Outrigger Peak is a double summit located in the Battle Range of the Selkirk Mountains. The remote peak is set approximately 10 km south of Glacier National Park and 3 km east of Moby Dick Mountain. Typee Mountain is one kilometer west of Outrigger and Omoo Peak is one kilometer northeast. Precipitation runoff from the mountain drains north into the headwaters of Butters Creek and south into Houston Creek which are both tributaries of the Duncan River. Outrigger Peak is more notable for its steep rise above local terrain than for its absolute elevation. Topographic relief is significant as the summit rises 1,550 meters (5,085 ft) above Houston Creek in 3 km. The first ascent of Outrigger's summit was made in 1972 by Andrew J. Kauffman II, Judge David Michael, Arnold Wexler and John Markel.

==Etymology==

The landform's name follows the Herman Melville-associated naming theme of this area established in 1958–59 by the Sam Silverstein-Douglas Anger climbing party. Melville's novels Omoo and Typee are centered around the islands of Polynesia.
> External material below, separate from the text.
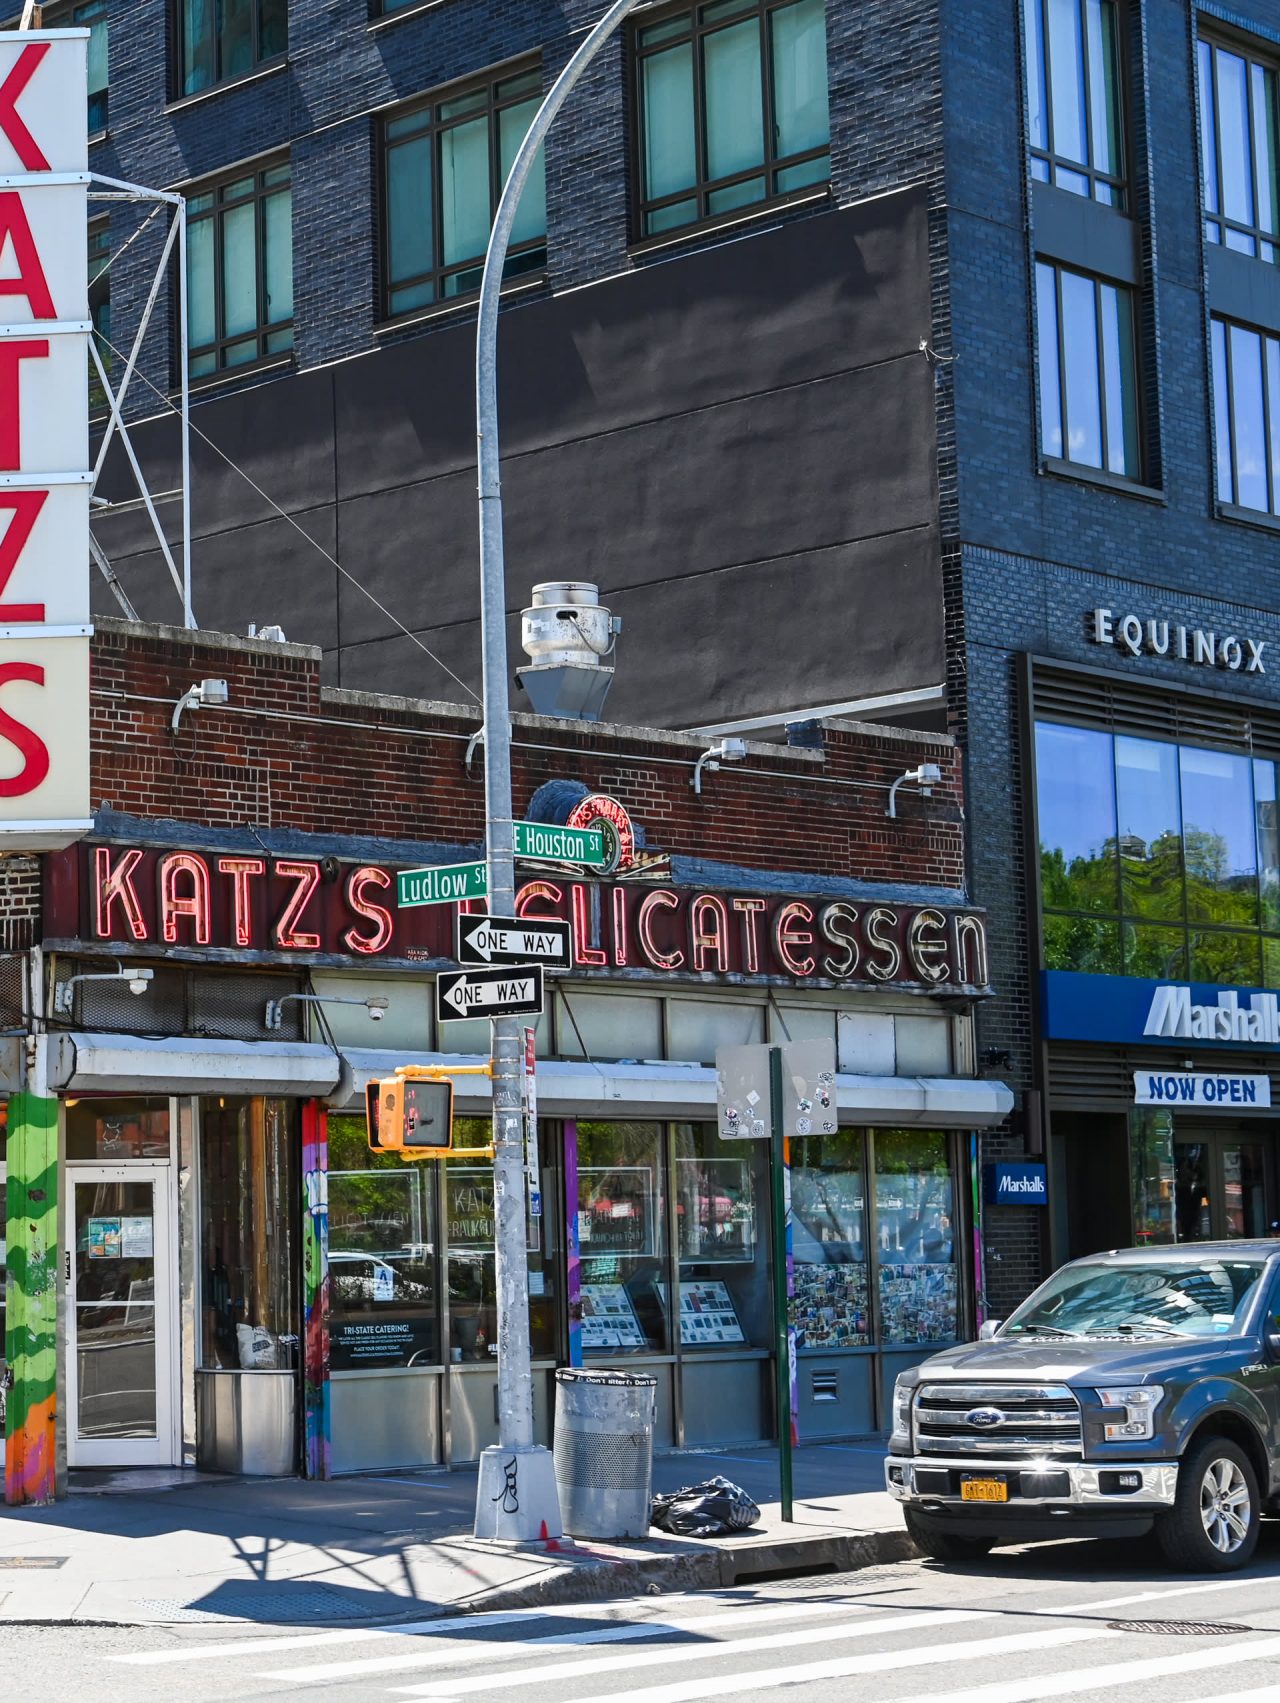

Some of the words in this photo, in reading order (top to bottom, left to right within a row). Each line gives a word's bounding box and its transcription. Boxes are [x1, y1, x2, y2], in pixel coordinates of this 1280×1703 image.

An outrigger is a boat commonly used in this part of the world. The mountain's toponym was officially adopted on October 3, 1973, by the Geographical Names Board of Canada.

==Climate==

Based on the Köppen climate classification, Outrigger Peak is located in a subarctic climate zone with cold, snowy winters, and mild summers. Winter temperatures can drop below −20 °C with wind chill factors below −30 °C. This climate supports the Pequod Glacier on the northwest slope of the peak.